The Transport Agency expects the road to cut five to seven minutes off regular journeys, and up to 16 minutes for traffic heading to eastern beaches at holiday weekends, while recommending motorists be tolled.
There will only be one traffic interchange between Orewa and Warkworth, to be confined to just south-facing ramps at Puhoi, after residents protested against an earlier plan which would have denied them access.
Although part of a 38km route to Wellsford among the Government's seven Roads of National Significance, the Warkworth extension is earmarked for earlier planning approval while geotechnical difficulties further north - through the Dome Valley's motoring black spots - remain unresolved.
Not that the Warkworth leg will be any cakewalk. The Department of Conservation and Auckland Council are concerned about pollution and potential flooding from sedimentation of waterways feeding the Hauraki Gulf, from about eight million cubic metres of earthworks which the Transport Agency insists it will be able to contain.
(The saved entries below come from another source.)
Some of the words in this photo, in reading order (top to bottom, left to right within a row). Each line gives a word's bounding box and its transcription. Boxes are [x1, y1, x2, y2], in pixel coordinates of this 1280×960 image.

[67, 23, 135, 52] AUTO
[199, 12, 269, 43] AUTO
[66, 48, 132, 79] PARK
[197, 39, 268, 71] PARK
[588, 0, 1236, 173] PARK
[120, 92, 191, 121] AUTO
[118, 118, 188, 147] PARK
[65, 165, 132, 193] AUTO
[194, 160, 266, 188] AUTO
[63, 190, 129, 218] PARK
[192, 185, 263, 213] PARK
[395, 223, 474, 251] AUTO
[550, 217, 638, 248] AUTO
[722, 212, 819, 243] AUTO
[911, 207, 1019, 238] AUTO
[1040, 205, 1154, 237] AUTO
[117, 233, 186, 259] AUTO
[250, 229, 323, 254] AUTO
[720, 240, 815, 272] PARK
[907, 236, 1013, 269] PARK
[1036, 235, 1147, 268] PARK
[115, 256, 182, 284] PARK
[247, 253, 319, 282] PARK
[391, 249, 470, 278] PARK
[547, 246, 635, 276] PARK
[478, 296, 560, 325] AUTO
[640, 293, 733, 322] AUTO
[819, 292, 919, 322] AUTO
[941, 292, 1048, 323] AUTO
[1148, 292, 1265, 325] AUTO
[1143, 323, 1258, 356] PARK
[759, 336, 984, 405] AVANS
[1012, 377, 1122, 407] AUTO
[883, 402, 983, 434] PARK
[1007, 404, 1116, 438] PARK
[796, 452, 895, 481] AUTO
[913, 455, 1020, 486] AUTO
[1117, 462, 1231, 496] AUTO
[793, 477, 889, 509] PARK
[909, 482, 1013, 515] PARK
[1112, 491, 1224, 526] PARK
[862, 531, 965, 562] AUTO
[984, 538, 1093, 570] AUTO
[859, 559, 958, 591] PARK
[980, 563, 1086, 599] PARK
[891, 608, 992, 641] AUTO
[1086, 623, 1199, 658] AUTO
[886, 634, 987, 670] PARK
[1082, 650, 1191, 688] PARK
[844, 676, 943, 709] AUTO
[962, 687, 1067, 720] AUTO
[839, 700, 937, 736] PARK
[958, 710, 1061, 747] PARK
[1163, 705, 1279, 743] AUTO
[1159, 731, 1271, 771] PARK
Residents at the end of the Perry Rd valley south of Warkworth, including some of about 50 owners of properties needed for the project, are concerned about the road's incursion into kauri forest.
Labour and the Greens vow to scrap the project in favour of urban transport investment such as an early start on Auckland's $2.86 billion underground railway, if elected this year.
However the agency hopes to allay such concerns and win planning approval before September's general election. But it has yet to propose a start date for a five-year construction programme.